In the news

From Kane County Chronicle, May 19, 2020: Fermilab is hosting its annual STEM Career Expo online this year. The expo will allow high school students to learn more about science fields and what college courses are necessary for a STEM career.

From Company News HQ, May 18, 2020: The Canadian Nuclear Laboratories is collaborating with organizations worldwide to develop, assemble and test innovative emergency ventilators to help provide relief to patients suffering from the effects of the SARS-CoV-2 virus. These include the Mechanical Ventilator Milano, a ventilator designed through an international collaboration of physicists, including Fermilab scientists, and government and industry partners.

From Gizmodo, May 18, 2020: Neutrino physics is a trek into the unknown, one that the United States physics community has chosen to pursue full-on. A flagship experiment called LBNF/DUNE will lead the search, in pursuit of answers that may take decades or more to find. Fermilab Deputy Director for Research Joe Lykken, DUNE spokesperson Ed Blucher, and DUNE scientists Chang Kee Jung and Elizabeth Worcester talk about how neutrinos will enhance our understanding of the universe.

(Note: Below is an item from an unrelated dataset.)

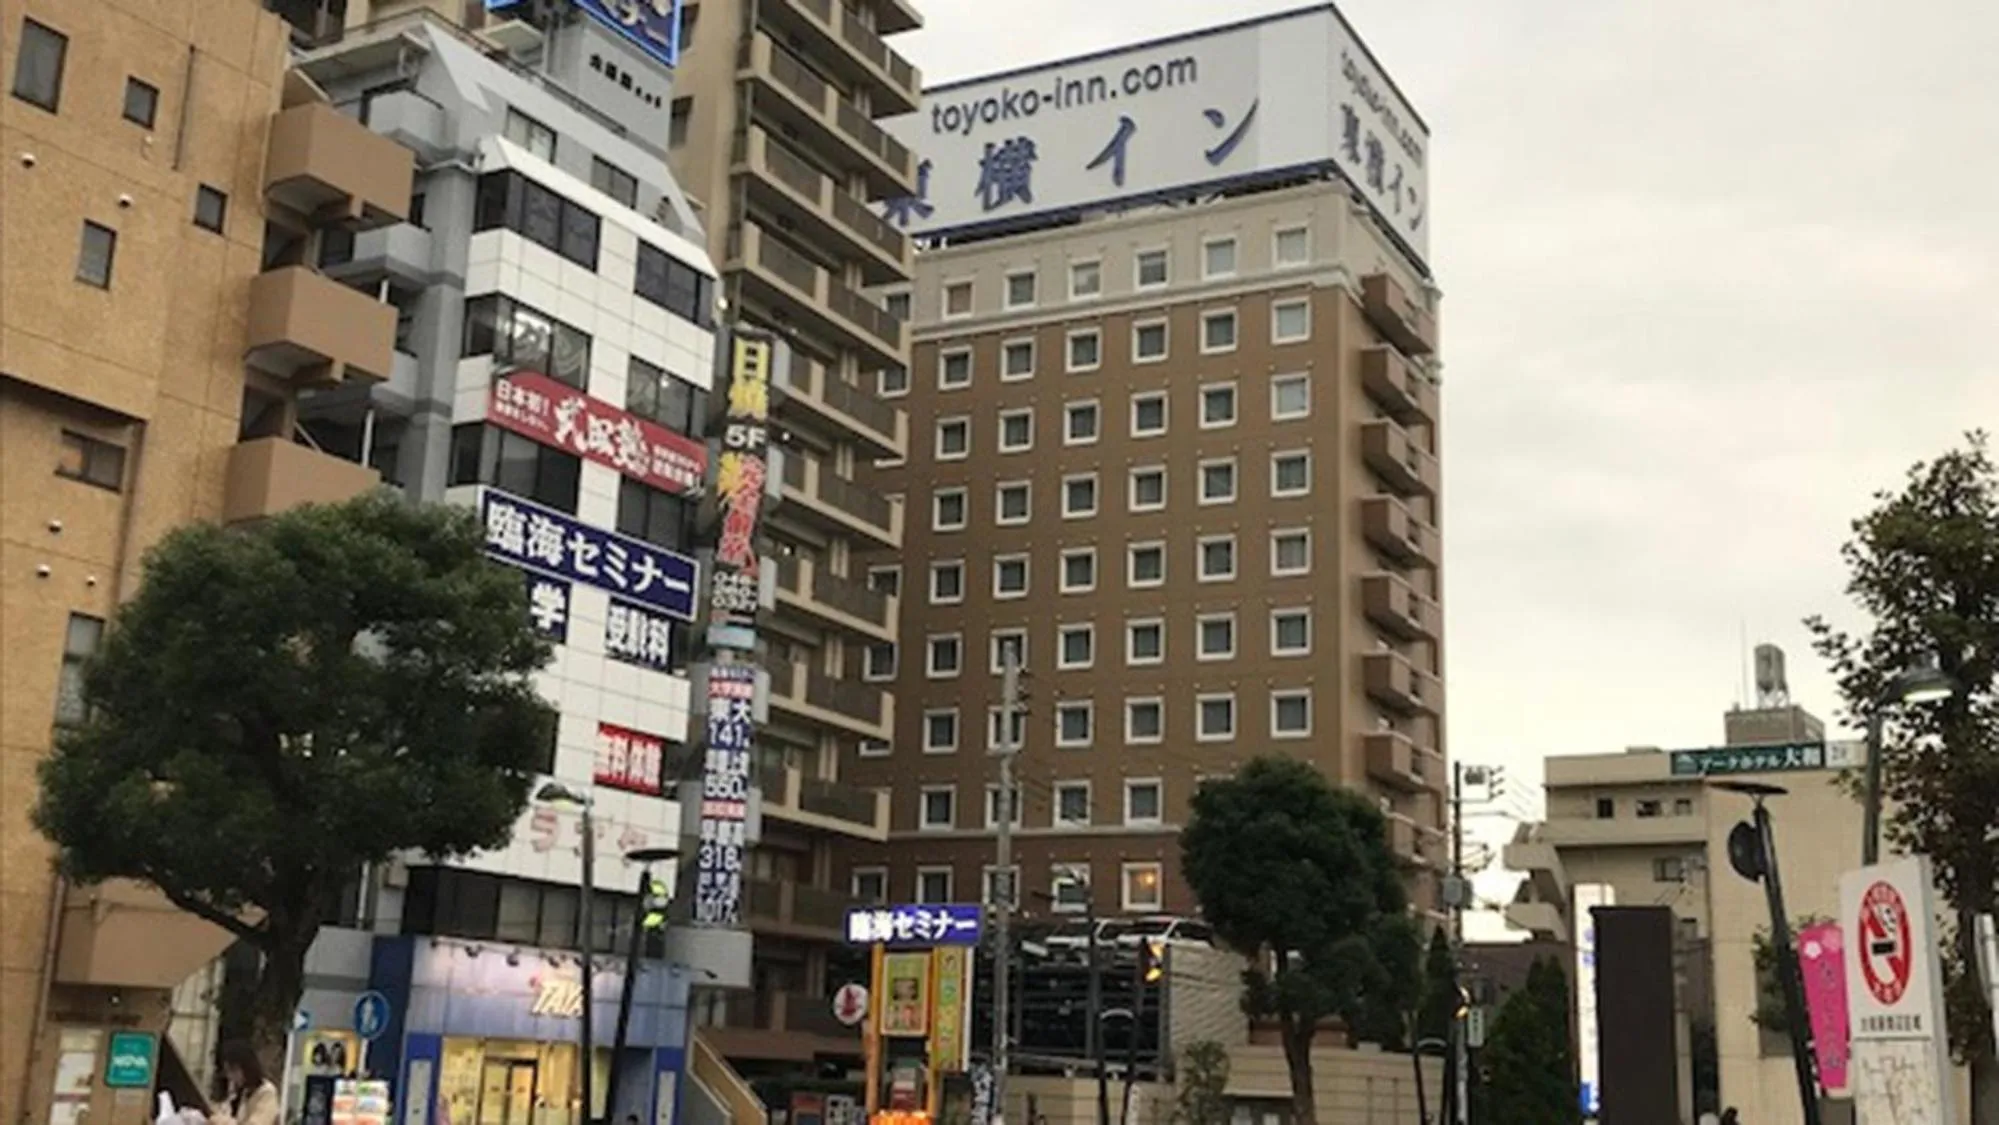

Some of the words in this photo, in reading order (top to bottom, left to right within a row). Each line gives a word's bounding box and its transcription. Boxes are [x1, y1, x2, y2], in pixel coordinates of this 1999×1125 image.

[932, 55, 1198, 136] toyoko-inn.com
[725, 424, 766, 448] 5F
[486, 501, 690, 593] 臨海セミナー

From Industrial Equipment News, May 15, 2020: It’s an open-source ventilator made with off-the-shelf parts designed by the particle physics community.

From Sanford Underground Research Facility, May 19, 2020: The international Deep Underground Neutrino Experiment, hosted by Fermilab, will be tuned to see neutrinos streaming from a nearby supernova. Such neutrino interactions could give researchers insight into one of the explosive processes that formed the elements in our solar system and our planet.

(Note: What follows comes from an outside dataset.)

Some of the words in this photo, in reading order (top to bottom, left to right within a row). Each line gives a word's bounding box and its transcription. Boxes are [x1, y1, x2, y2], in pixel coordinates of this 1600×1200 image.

From the University of Bern, May 2020: The University of Bern and Fermilab partner on three neutrino projects aimed at a thorough study of some postulated properties of the ghostly particle: MicroBooNE, SBND and the Deep Underground Neutrino Experiment, the latter to be considered the world’s ultimate neutrino observatory.

From the Chicago Quantum Exchange, May 18, 2020: Farah Fahim is the deputy head of quantum science at Fermi National Accelerator Laboratory. For much of her career, she developed low-noise, high-speed reconfigurable pixel detectors for high-energy physics and photon science. She recently pivoted to control and readout electronics for quantum systems, and says, “The future is bright.”

From APS Physics, May 14, 2020: Particle physicists are faced with a growing list of anomalies — experimental results that conflict with the Standard Model but fail to overturn it for lack of sufficient evidence. These include the muon anomaly, which scientists on Fermilab’s Muon g-2 experiment are studying. Fermilab scientist Chris Polly is featured in this article.

From the American Geosciences Institute, May 2020: Fermilab scientist Jessica Esquivel is featured in this series on women in STEM, hosted by the American Geosciences Institute.